(PROVIDED DATA)

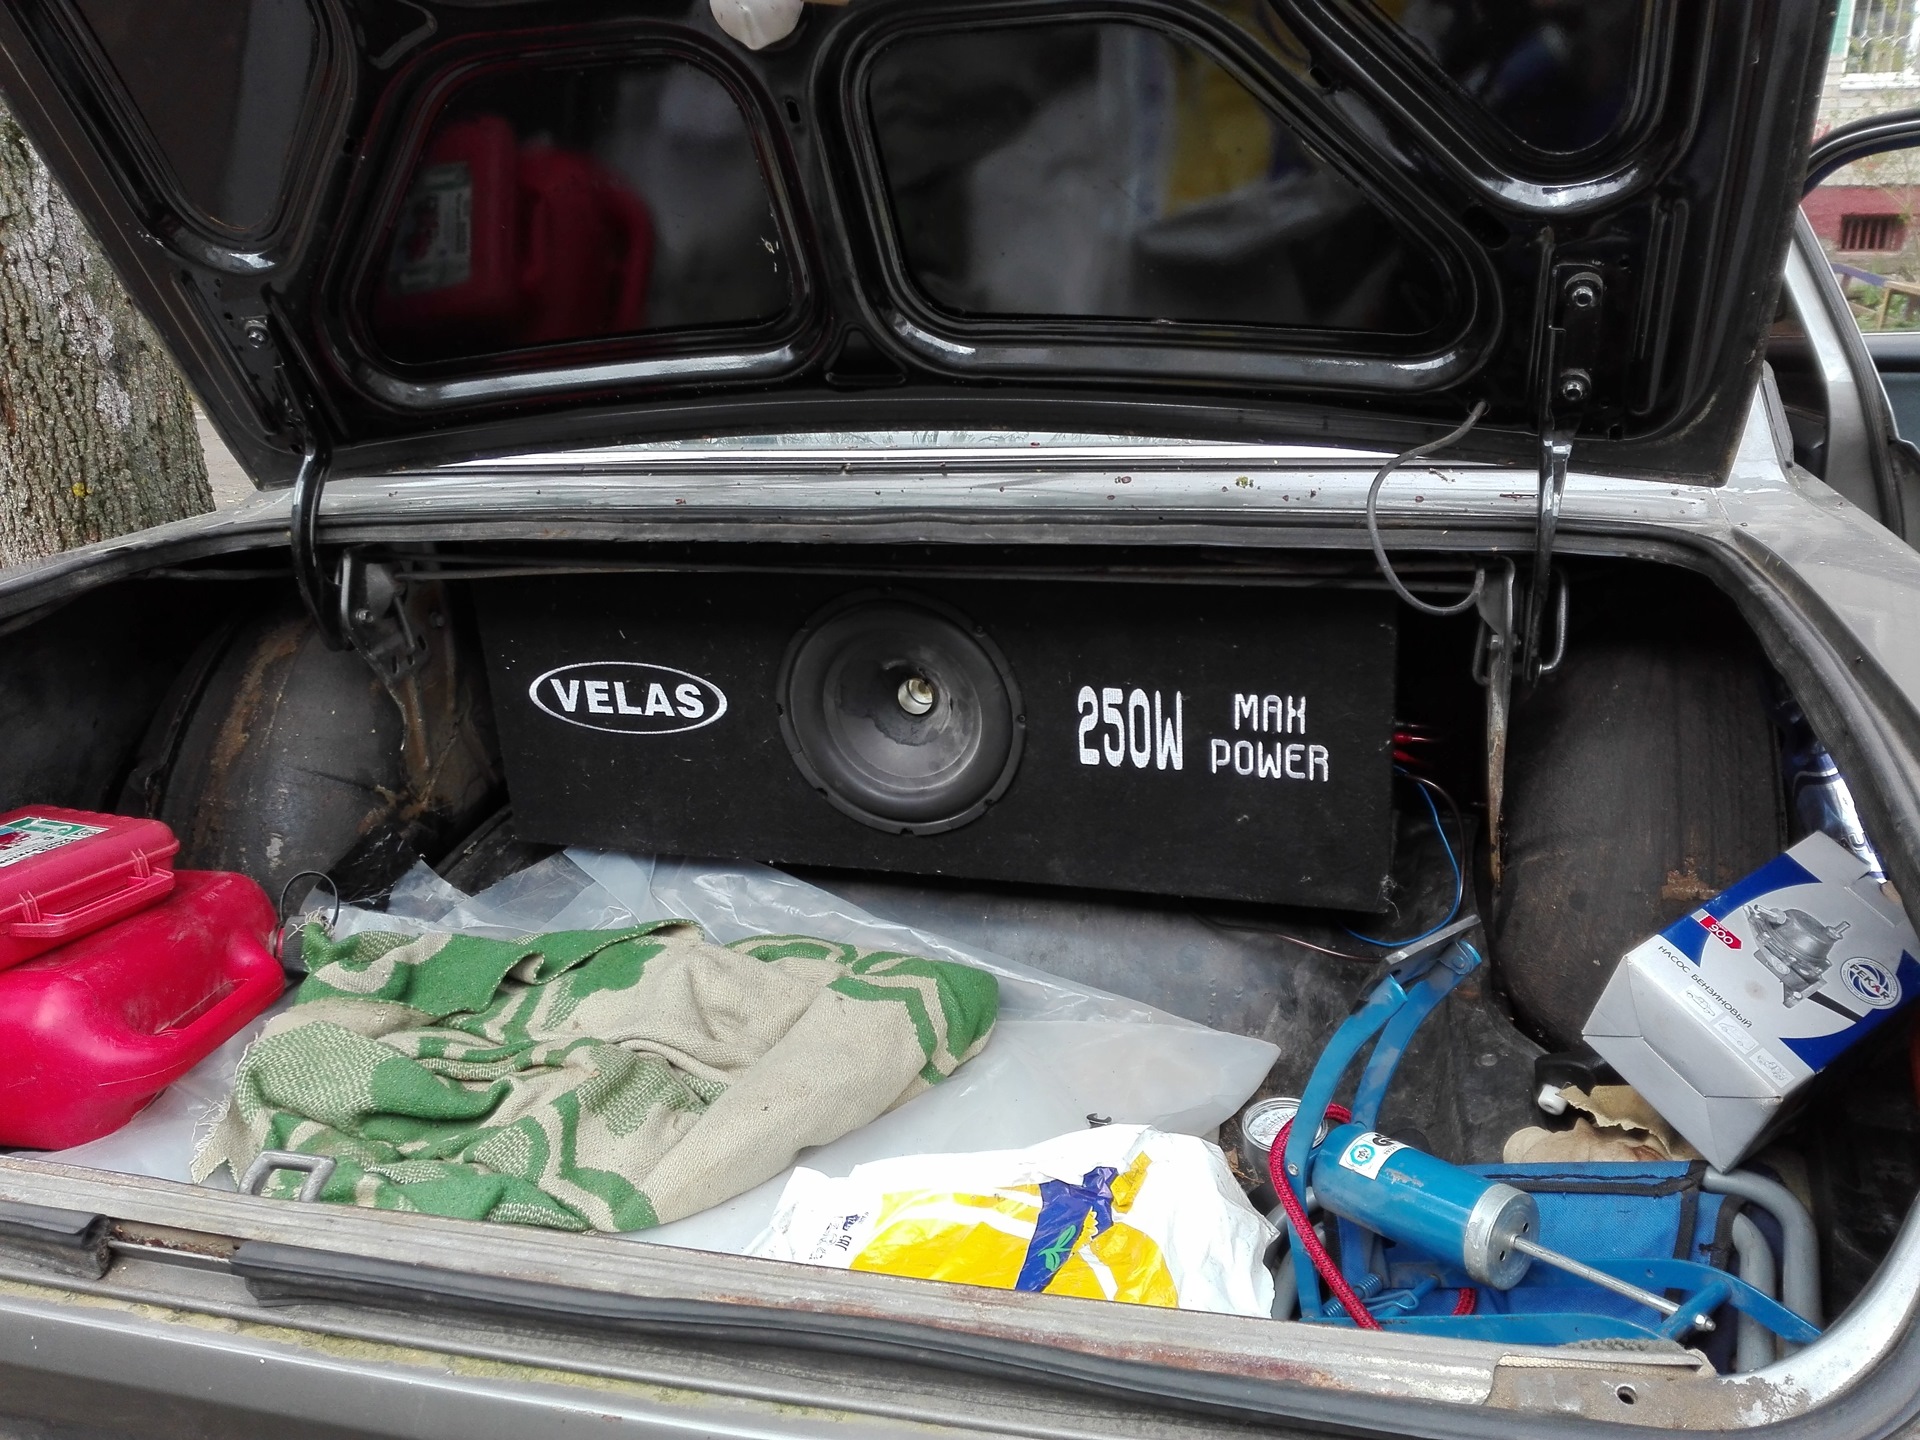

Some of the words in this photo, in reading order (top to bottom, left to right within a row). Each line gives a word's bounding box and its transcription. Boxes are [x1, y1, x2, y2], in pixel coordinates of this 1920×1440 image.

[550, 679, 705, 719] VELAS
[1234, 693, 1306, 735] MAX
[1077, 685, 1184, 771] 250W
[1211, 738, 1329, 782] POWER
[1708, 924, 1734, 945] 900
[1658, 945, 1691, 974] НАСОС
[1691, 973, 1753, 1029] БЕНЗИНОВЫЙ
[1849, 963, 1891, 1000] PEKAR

(End PROVIDED DATA)

Copy out the records above in full, exactly as written, but not the pictures.

Some of the words in this photo, in reading order (top to bottom, left to right within a row). Each line gives a word's bounding box and its transcription. Boxes are [x1, y1, x2, y2], in pixel coordinates of this 1920×1440 image.

[550, 679, 705, 719] VELAS
[1234, 693, 1306, 735] MAX
[1077, 685, 1184, 771] 250W
[1211, 738, 1329, 782] POWER
[1708, 924, 1734, 945] 900
[1658, 945, 1691, 974] НАСОС
[1691, 973, 1753, 1029] БЕНЗИНОВЫЙ
[1849, 963, 1891, 1000] PEKAR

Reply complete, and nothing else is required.